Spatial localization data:
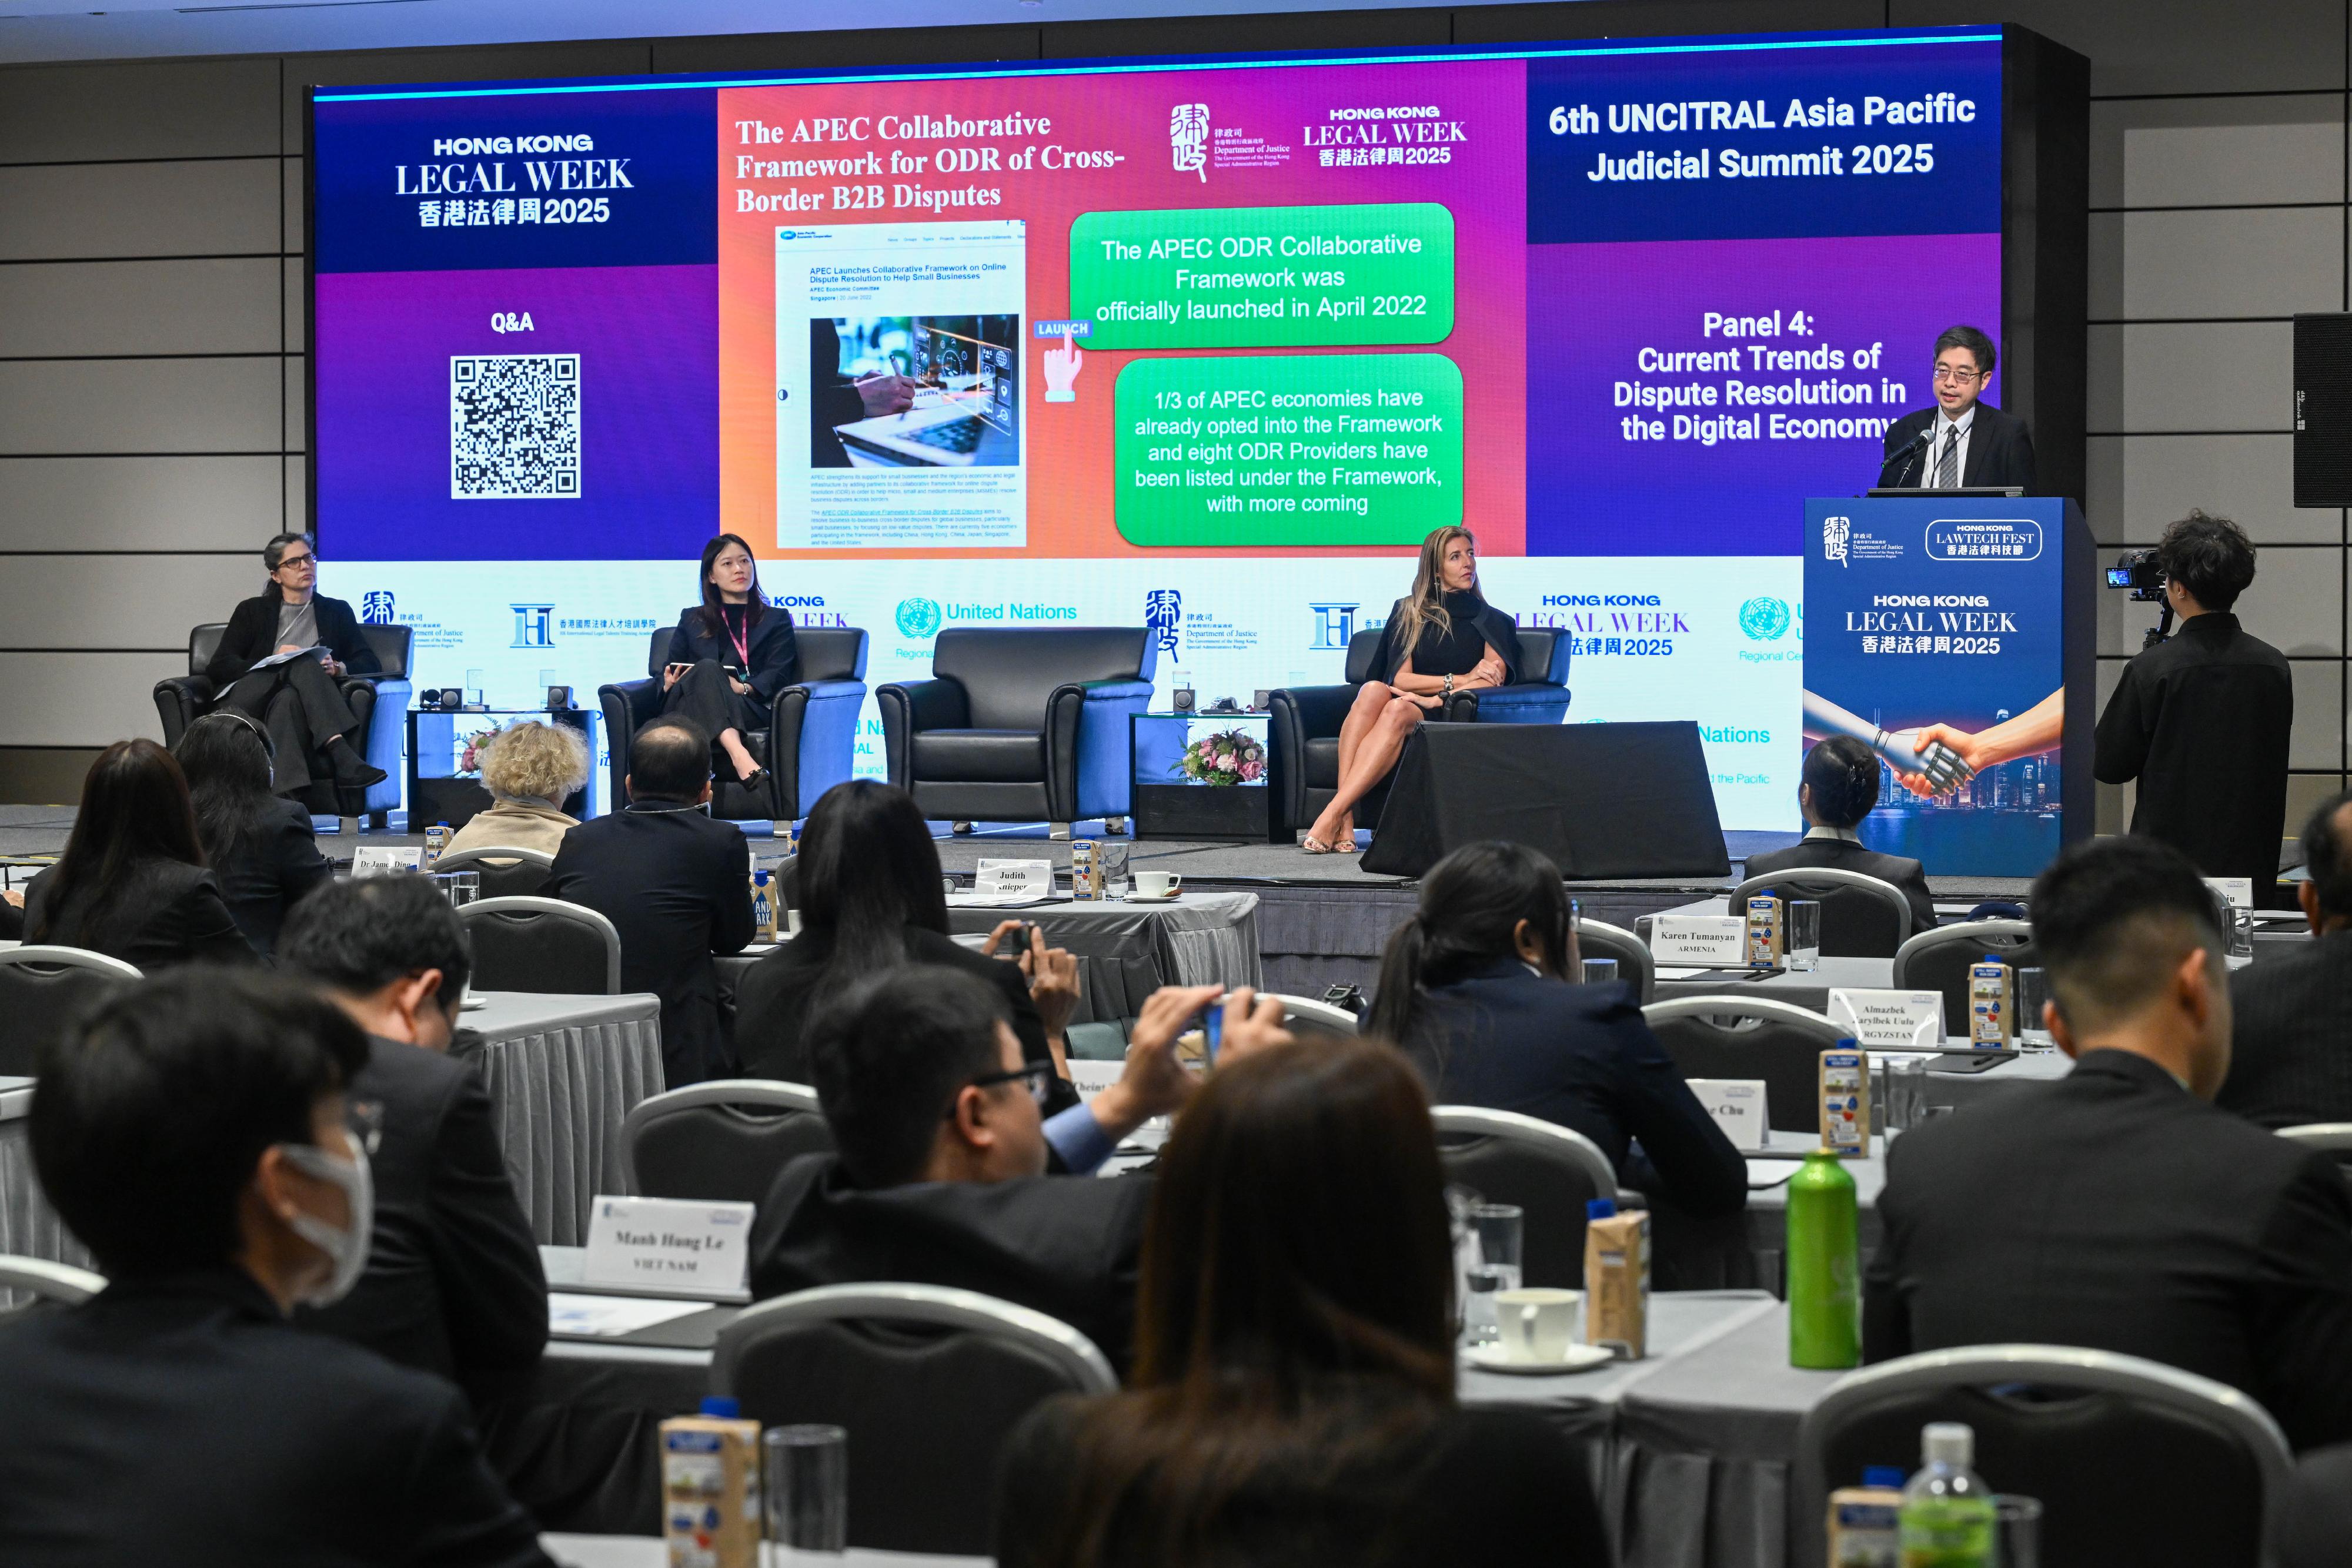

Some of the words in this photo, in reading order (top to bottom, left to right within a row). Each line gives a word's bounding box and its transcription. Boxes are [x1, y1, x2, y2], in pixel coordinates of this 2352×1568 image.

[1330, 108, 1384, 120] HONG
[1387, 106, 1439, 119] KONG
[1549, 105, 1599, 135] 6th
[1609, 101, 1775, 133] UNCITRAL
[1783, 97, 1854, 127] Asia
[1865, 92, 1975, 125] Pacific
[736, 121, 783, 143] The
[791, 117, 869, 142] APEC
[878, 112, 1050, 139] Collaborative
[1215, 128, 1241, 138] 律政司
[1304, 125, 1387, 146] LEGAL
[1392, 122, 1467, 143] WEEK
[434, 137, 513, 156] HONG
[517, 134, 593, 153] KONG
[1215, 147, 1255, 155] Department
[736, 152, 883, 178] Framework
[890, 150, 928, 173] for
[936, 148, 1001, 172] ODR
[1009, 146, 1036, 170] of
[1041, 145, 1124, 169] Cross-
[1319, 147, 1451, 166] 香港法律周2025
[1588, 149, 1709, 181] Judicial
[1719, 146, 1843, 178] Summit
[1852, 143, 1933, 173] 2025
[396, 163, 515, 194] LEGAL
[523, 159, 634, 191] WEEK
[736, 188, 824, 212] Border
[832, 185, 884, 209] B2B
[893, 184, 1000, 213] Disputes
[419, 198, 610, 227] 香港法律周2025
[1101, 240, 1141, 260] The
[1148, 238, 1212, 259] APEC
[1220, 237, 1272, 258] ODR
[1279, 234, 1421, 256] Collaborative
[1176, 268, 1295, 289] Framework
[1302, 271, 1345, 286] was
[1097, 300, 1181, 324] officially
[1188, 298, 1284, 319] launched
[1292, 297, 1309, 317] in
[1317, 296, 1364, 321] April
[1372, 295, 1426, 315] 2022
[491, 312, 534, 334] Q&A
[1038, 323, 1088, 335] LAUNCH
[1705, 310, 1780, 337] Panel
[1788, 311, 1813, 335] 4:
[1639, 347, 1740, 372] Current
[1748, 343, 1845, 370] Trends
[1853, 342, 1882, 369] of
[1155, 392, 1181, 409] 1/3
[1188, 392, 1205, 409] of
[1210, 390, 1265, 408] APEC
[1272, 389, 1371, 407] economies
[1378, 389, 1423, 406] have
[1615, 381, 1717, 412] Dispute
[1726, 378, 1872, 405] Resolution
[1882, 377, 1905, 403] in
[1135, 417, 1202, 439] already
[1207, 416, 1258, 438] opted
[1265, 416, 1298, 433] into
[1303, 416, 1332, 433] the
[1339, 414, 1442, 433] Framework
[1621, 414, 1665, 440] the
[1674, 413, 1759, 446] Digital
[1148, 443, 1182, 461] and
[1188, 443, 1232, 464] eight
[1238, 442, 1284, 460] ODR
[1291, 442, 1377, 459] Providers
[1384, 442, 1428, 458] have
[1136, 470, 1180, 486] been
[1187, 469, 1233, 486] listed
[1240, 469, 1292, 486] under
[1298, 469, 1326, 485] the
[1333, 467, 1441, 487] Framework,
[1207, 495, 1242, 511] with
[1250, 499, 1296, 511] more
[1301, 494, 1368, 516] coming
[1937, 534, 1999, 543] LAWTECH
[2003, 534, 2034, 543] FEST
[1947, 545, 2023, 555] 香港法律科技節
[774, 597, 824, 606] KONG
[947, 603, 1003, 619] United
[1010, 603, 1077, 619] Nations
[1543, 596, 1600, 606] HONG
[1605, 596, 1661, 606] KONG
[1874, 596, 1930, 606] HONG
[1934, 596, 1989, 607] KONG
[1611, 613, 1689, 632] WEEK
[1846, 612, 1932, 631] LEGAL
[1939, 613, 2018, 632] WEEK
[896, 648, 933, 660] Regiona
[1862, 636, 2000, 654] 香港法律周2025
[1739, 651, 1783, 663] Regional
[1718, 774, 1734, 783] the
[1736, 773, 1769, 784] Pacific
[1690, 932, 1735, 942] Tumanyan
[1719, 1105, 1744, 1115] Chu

Assignment: Please return the records above exactly as written, dropping every picture.

Answer area:
Some of the words in this photo, in reading order (top to bottom, left to right within a row). Each line gives a word's bounding box and its transcription. Boxes are [x1, y1, x2, y2], in pixel coordinates of this 2352×1568 image.

[1330, 108, 1384, 120] HONG
[1387, 106, 1439, 119] KONG
[1549, 105, 1599, 135] 6th
[1609, 101, 1775, 133] UNCITRAL
[1783, 97, 1854, 127] Asia
[1865, 92, 1975, 125] Pacific
[736, 121, 783, 143] The
[791, 117, 869, 142] APEC
[878, 112, 1050, 139] Collaborative
[1215, 128, 1241, 138] 律政司
[1304, 125, 1387, 146] LEGAL
[1392, 122, 1467, 143] WEEK
[434, 137, 513, 156] HONG
[517, 134, 593, 153] KONG
[1215, 147, 1255, 155] Department
[736, 152, 883, 178] Framework
[890, 150, 928, 173] for
[936, 148, 1001, 172] ODR
[1009, 146, 1036, 170] of
[1041, 145, 1124, 169] Cross-
[1319, 147, 1451, 166] 香港法律周2025
[1588, 149, 1709, 181] Judicial
[1719, 146, 1843, 178] Summit
[1852, 143, 1933, 173] 2025
[396, 163, 515, 194] LEGAL
[523, 159, 634, 191] WEEK
[736, 188, 824, 212] Border
[832, 185, 884, 209] B2B
[893, 184, 1000, 213] Disputes
[419, 198, 610, 227] 香港法律周2025
[1101, 240, 1141, 260] The
[1148, 238, 1212, 259] APEC
[1220, 237, 1272, 258] ODR
[1279, 234, 1421, 256] Collaborative
[1176, 268, 1295, 289] Framework
[1302, 271, 1345, 286] was
[1097, 300, 1181, 324] officially
[1188, 298, 1284, 319] launched
[1292, 297, 1309, 317] in
[1317, 296, 1364, 321] April
[1372, 295, 1426, 315] 2022
[491, 312, 534, 334] Q&A
[1038, 323, 1088, 335] LAUNCH
[1705, 310, 1780, 337] Panel
[1788, 311, 1813, 335] 4:
[1639, 347, 1740, 372] Current
[1748, 343, 1845, 370] Trends
[1853, 342, 1882, 369] of
[1155, 392, 1181, 409] 1/3
[1188, 392, 1205, 409] of
[1210, 390, 1265, 408] APEC
[1272, 389, 1371, 407] economies
[1378, 389, 1423, 406] have
[1615, 381, 1717, 412] Dispute
[1726, 378, 1872, 405] Resolution
[1882, 377, 1905, 403] in
[1135, 417, 1202, 439] already
[1207, 416, 1258, 438] opted
[1265, 416, 1298, 433] into
[1303, 416, 1332, 433] the
[1339, 414, 1442, 433] Framework
[1621, 414, 1665, 440] the
[1674, 413, 1759, 446] Digital
[1148, 443, 1182, 461] and
[1188, 443, 1232, 464] eight
[1238, 442, 1284, 460] ODR
[1291, 442, 1377, 459] Providers
[1384, 442, 1428, 458] have
[1136, 470, 1180, 486] been
[1187, 469, 1233, 486] listed
[1240, 469, 1292, 486] under
[1298, 469, 1326, 485] the
[1333, 467, 1441, 487] Framework,
[1207, 495, 1242, 511] with
[1250, 499, 1296, 511] more
[1301, 494, 1368, 516] coming
[1937, 534, 1999, 543] LAWTECH
[2003, 534, 2034, 543] FEST
[1947, 545, 2023, 555] 香港法律科技節
[774, 597, 824, 606] KONG
[947, 603, 1003, 619] United
[1010, 603, 1077, 619] Nations
[1543, 596, 1600, 606] HONG
[1605, 596, 1661, 606] KONG
[1874, 596, 1930, 606] HONG
[1934, 596, 1989, 607] KONG
[1611, 613, 1689, 632] WEEK
[1846, 612, 1932, 631] LEGAL
[1939, 613, 2018, 632] WEEK
[896, 648, 933, 660] Regiona
[1862, 636, 2000, 654] 香港法律周2025
[1739, 651, 1783, 663] Regional
[1718, 774, 1734, 783] the
[1736, 773, 1769, 784] Pacific
[1690, 932, 1735, 942] Tumanyan
[1719, 1105, 1744, 1115] Chu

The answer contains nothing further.